An example of issues that can be borderline is the question of religious recreation camps. In an American case, one organization attempted to be recognized as a religious organization by virtue of its operation of a retreat facility. The facility was a mountain lodge called Christ Haven Lodge, located in Teller County, Colorado; the activities available at the lodge — being religious, recreational or social—were not regularly scheduled or required. The United States Internal Revenue Service said that the organization’s substantial role was the operation of a vacation resort. Conversely, the organization claimed it was providing a religious retreat facility where Christian families could come and reflect upon, and worship, the Lord in a setting free from the outside interferences of daily life. The Court sided with the IRS and held that the organization had failed to sustain its burden of proof that its facilities were not used in a more than insubstantial manner for recreational purposes. It added that wholesome family recreation or just sitting on a rock contemplating nature may well provide a family or an individual with a religious experience but not any more so than the experience one would have at any lodge in the Rockies.19

In comparison, the Canadian position taken in a recent GST case, Camp Kahquah Corporation v. The Queen,20 where the Court held the recreational facilities to be incidental, may appear markedly liberal at first glance but seemed to turn likewise on the fact that attendance at prayer meetings and other religious functions was more rigorously followed than in the American case.

A religious organization can’t operate primarily for private profit. In another reported American case, the Southern Church of Universal Brotherhood Assembled v. Commissioner of Internal Revenue,21 the founder of the church contributed most of the income of the church and, in turn, the church paid all his living expenses. The IRS and the courts viewed the organization not as a religion but as serving the private interests of its pastor and notably his apparent passion for scuba diving. Indeed, the Church’s mission was allegedly oriented toward demonstrating the bounty of God by collecting material from Chesapeake Bay. The church was also affiliated to the Acquarian Church of the Brothers and Sisters of Jesus Christ which advocates affiliation with it as a way of protecting one’s own tax freedom and leading a holy, tax-free life.22

Are Charter Challenges Likely?

There are two provisions of the Charter23 that apply.

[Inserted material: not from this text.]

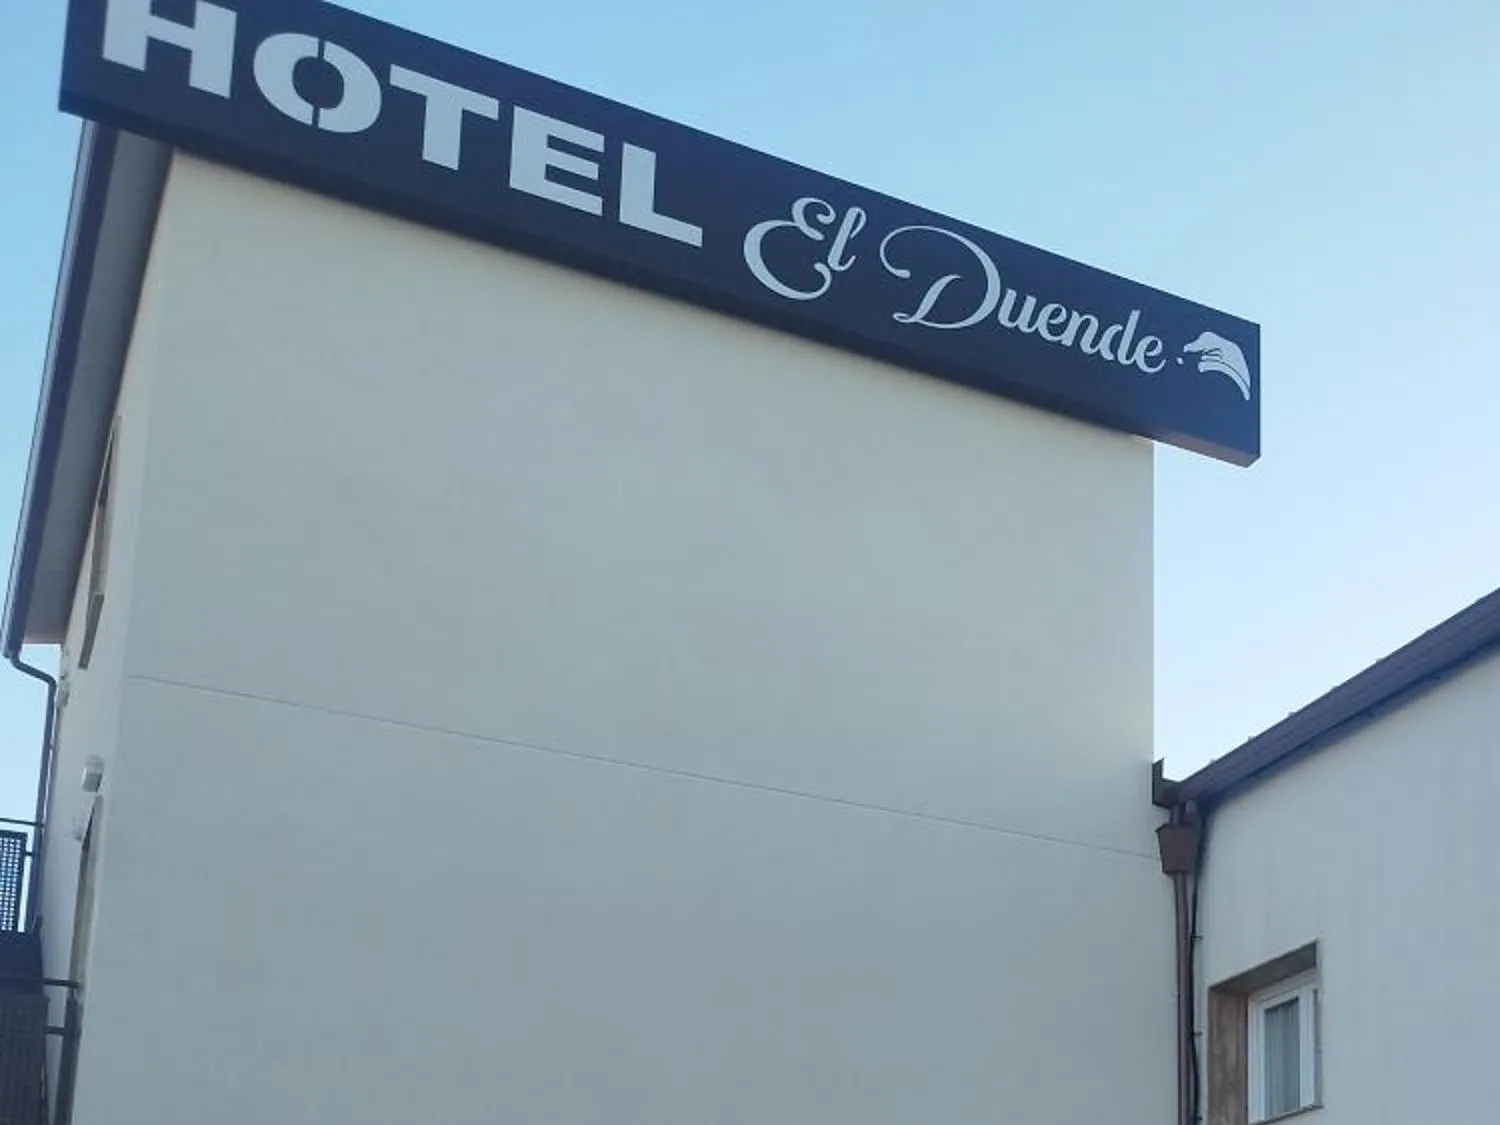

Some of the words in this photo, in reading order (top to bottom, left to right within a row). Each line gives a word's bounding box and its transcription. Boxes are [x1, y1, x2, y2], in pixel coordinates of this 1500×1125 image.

[101, 0, 703, 248] HOTEL
[743, 197, 867, 300] El
[880, 225, 1166, 374] Duende
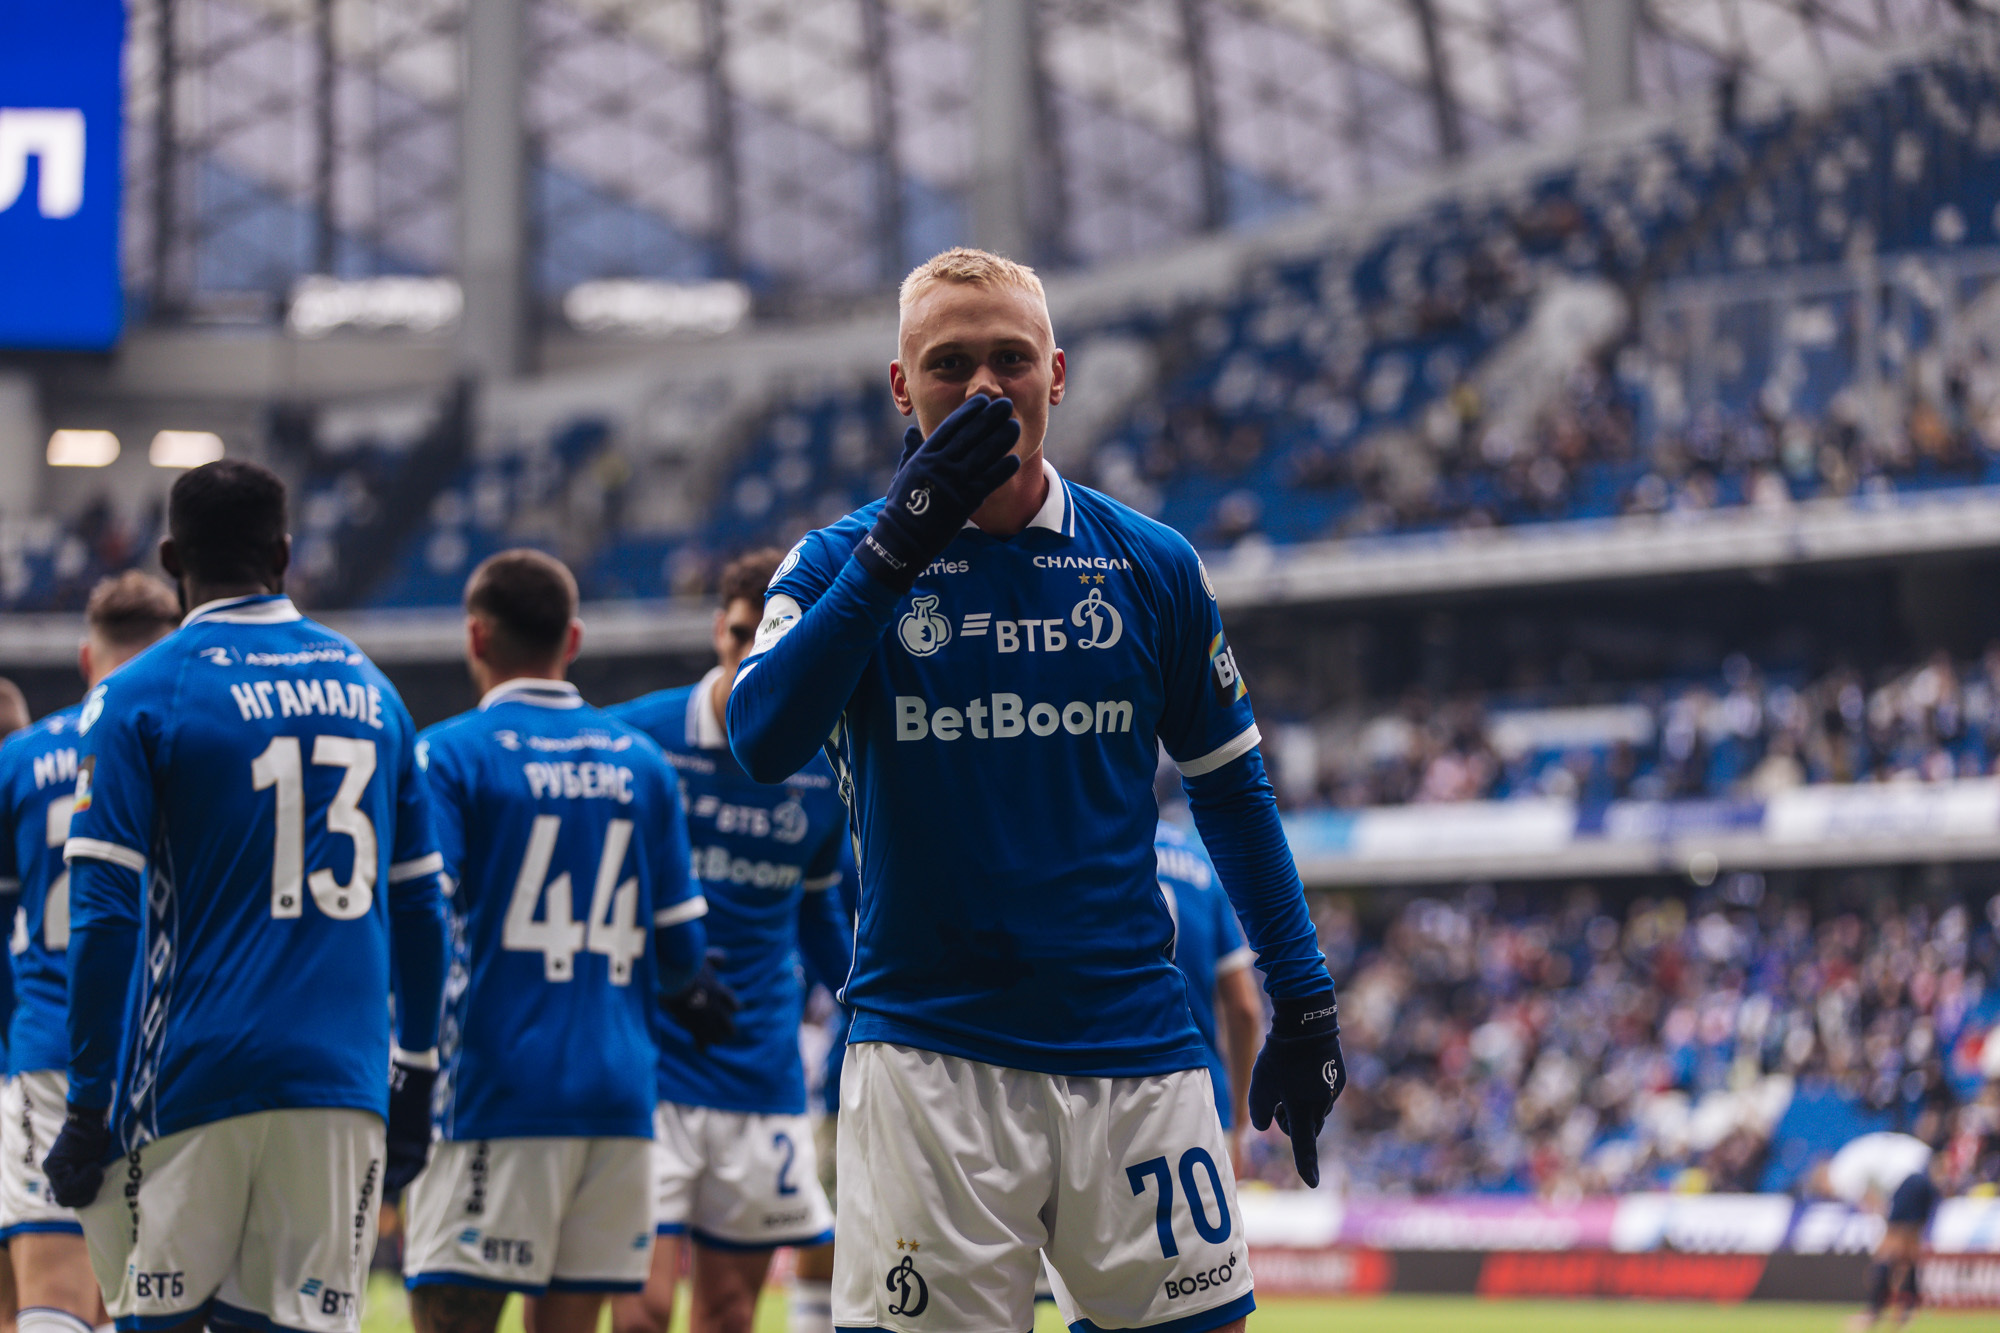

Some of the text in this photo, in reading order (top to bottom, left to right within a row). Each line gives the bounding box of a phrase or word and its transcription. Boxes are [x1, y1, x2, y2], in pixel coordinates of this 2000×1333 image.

The first of them is s. 2, which states

2.

Ever

yone has the following fundamental freedoms:

(a)

freedom of conscience and religion;

(b)

freedom of thought, belief, opinion and expression, including freedom

of the press and other media of communication;

(c)

freedom of peaceful assembly; and

(d)

freedom of association

The second one is s. 15(1), which states

15. (1) Every individual is equal before and under the law and has the right to the equal protection and equal benefit of the law without discrimination and, in particular, without discrimination based on race, national or ethnic origin, colour, religion, sex, age or mental or physical disability.

If a challenge were based on s. 2(a) of the Charter, it would be difficult for an organization or its supporters to provide evidence that our registration decisions have interfered with their freedom of religion or conscience. This is because the CCRA registers all organizations that have demonstrated they advance religion.

It also registers organizations whose purposes may not include theism, but who nevertheless promote the mental and moral improvement of the community.

If a disaffected group were to allege that the Income Tax Act infringes s. 15(1) of the Charter, the courts would likely take the position already expressed in the recent Supreme Court case, Vancouver Society of Immigrant and Visible Minority Women v. M.N.R.,24 namely that the operation of the charitable registration scheme in the Income Tax Act does not violate the equality rights of an organization’s beneficiaries. The interplay of the common-law definition of charity and the Act results in a scheme whereby an organization, by restricting itself to charitable purpose and activities can qualify for registration. This requirement applies uniformly to every organization that seeks to be registered as a charity.

The point I think needs to be made is that once an organization is judicially recognized as “advancing religion” with the limits on the term that are alluded to above, it must be registered as a charity.

Disaffected groups would likely not succeed in a Charter challenge unless they established that they were, indeed, advancing religion as that term is understood at common law. If the groups in question claimed that they met the test of religion but that this test was not being applied correctly at the point of registration, it would be up to the courts to correct us, and we would welcome their guidance. The issue would then become one of defining the advancement of religion at common law rather than a Charter issue.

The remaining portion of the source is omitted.